The study appears in a refereed journal. It includes a strong research design, randomly assigning rats to a treatment (HFCS) group and two control groups.
[Update 3/23: part of the study includes two control groups, which received either plain sucrose or an ordinary rat food diet, so one can distinguish HFCS from sucrose; a comment says that another part of the study included only one control group, which received the rat food diet, so it is not possible to distinguish HFCS from sucrose].
On the other hand, studies in rats are just one element in an array of evidence. Other elements include human studies and describing a plausible biological mechanism. One mystery is how HFCS (55% fructose) could be much different from sucrose (50% fructuse). The conclusion section of the new article spends most of its time talking about the metabolism of fructose, mentioning but then somewhat breezing over the similarity in fructose content between HFCS and sucrose.
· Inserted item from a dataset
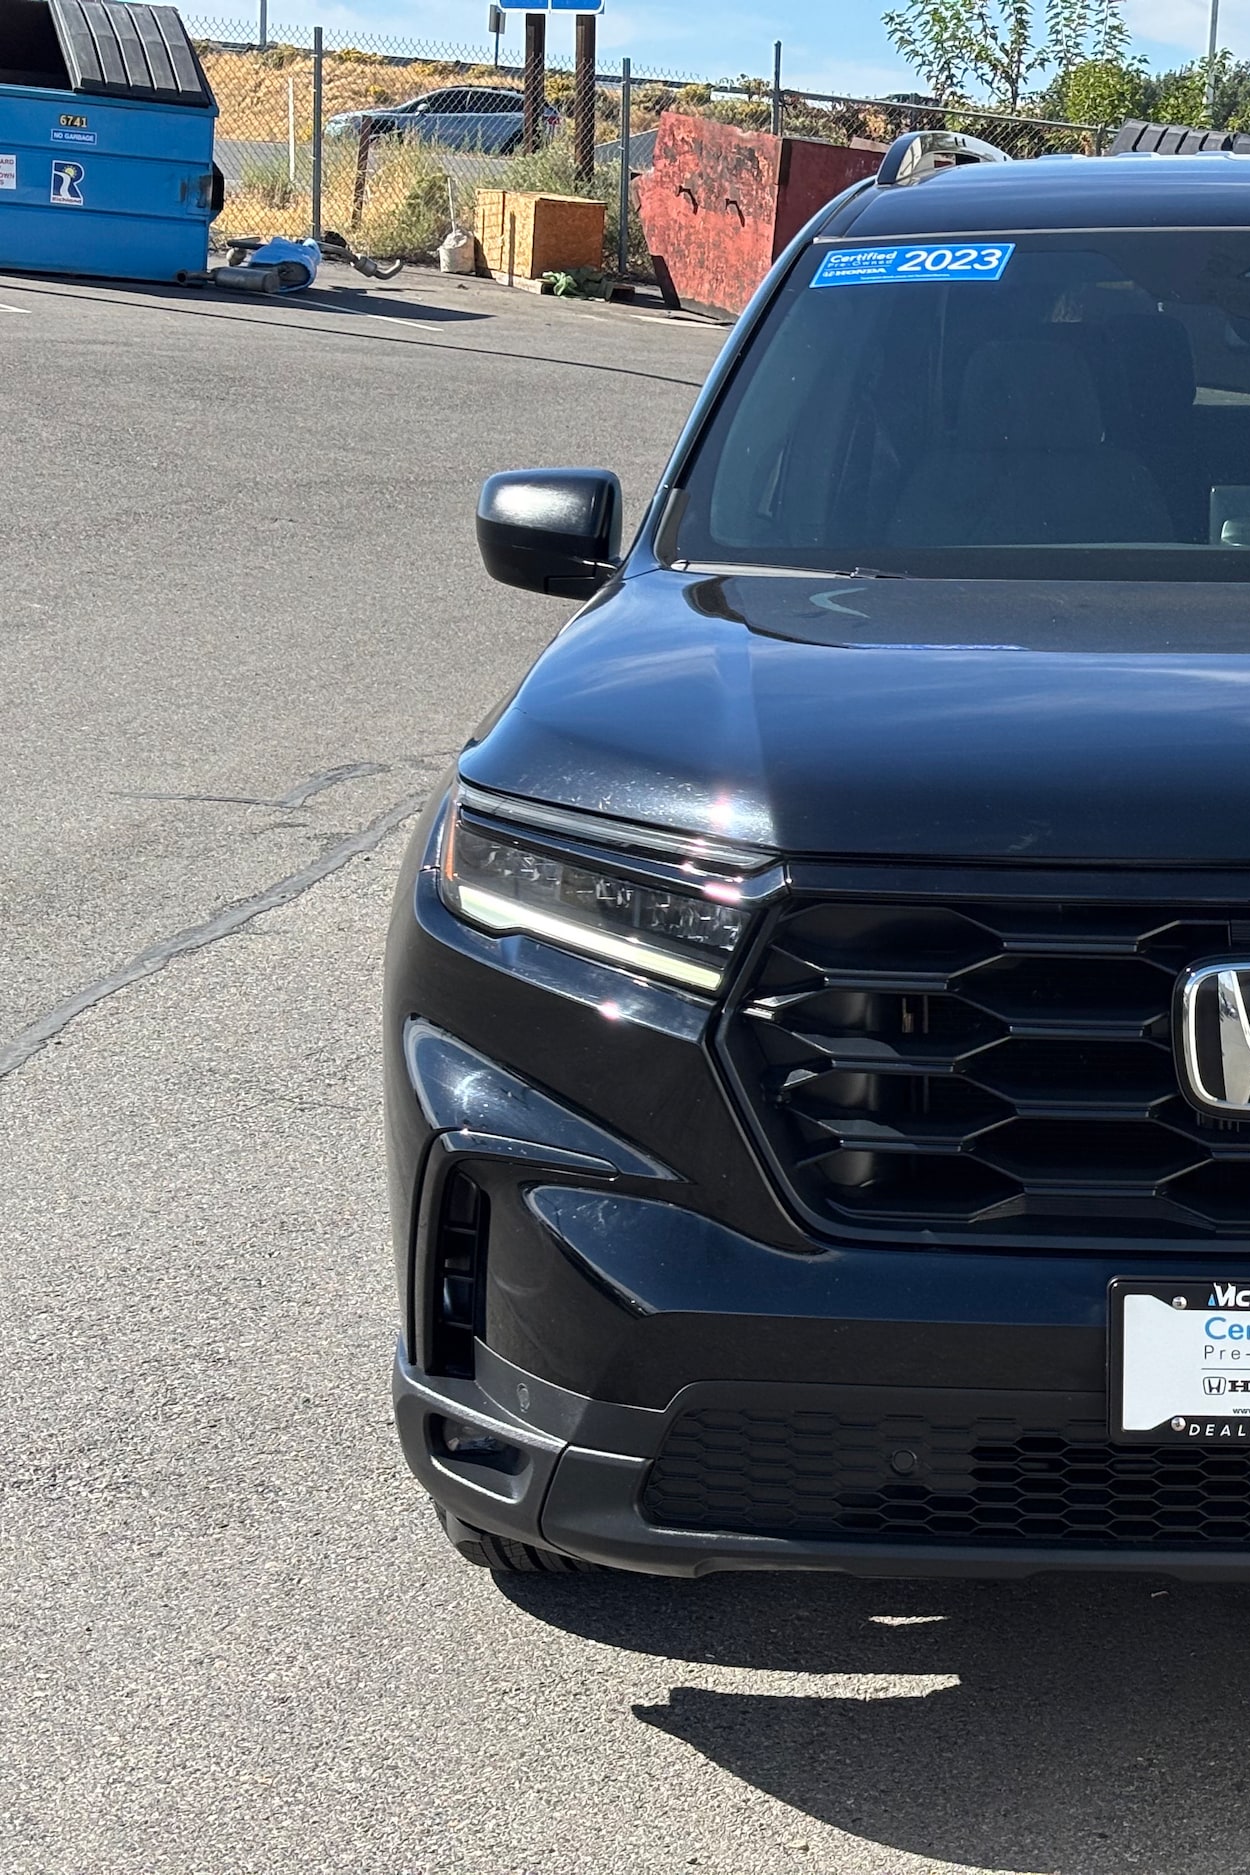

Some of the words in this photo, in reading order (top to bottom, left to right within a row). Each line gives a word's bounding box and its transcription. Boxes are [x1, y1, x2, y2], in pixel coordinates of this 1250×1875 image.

Given that sucrose is a disaccharide, which is metabolized to one fructose and one glucose molecule (Caspary, 1992), it has been argued that there is little difference between fructose and sucrose, since both provide about 50% fructose and 50% glucose in the blood stream; and until recently, there was no evidence that HFCS contributes to long-term weight gain beyond what sucrose contributes (Forshee et al., 2007). However, the present study suggests that HFCS and sucrose can have different effects on body weight and obesigenic measures.In each passage above where it seems the authors plan to talk about a mechanism that is specific to HFCS, the subsequent detail turns out to be all about fructose.
HFCS is different than sucrose in many ways. First, HFCS-55 has proportionately slightly more fructose than sucrose (White, 2008). Second, fructose is absorbed further down the intestine than glucose, with much of the metabolism occurring in the liver, where it is converted to fructose-1-phsophate [sic], a precursor to the backbone of the triglyceride molecule (Havel, 2005). Third, fructose is metabolically broken down before it reaches the rate-limiting enzyme (phosphofructokinase), thereby supplying the body with an unregulated source of three-carbon molecules. These molecules are transformed into glycerol and fatty acids, which are eventually taken up by adipose tissue, leading to additional adiposity (Hallfrisch, 1990). And fourth, HFCS causes aberrant insulin functioning, in that it bypasses the insulin-driven satiety system (Curry, 1989). Whereas circulating glucose increases insulin release from the pancreas,... fructose does this less efficiently, because cells in the pancreas lack the fructose transporter.... Typically, insulin released by dietary sucrose inhibits eating and increases leptin release (Saad et al., 1998), which in turn further inhibits food intake. As previously discussed, meals of HFCS have been shown to reduce circulating insulin and leptin levels (Teff et al., 2004). Thus, fructose intake might not result in the degree of satiety that would normally ensue with a meal of glucose or sucrose, and this could contribute to increased body weight.
I enjoyed hearing a talk earlier this month by Barry Popkin (author of The World is Fat). Though he has also speculated about a possible distinct effect of HFCS, he now emphasizes just the sweetness and food energy content.
And this brings me to the final point that I wish news coverage of this topic emphasized more heavily. HFCS is a large part of our food supply, perhaps 40% or more of all caloric sweeteners. In these quantities, a special metabolic effect for HFCS is really beside the point for policy purposes. It could well be true that HFCS is making Americans obese in any case, just because we consume so much of it.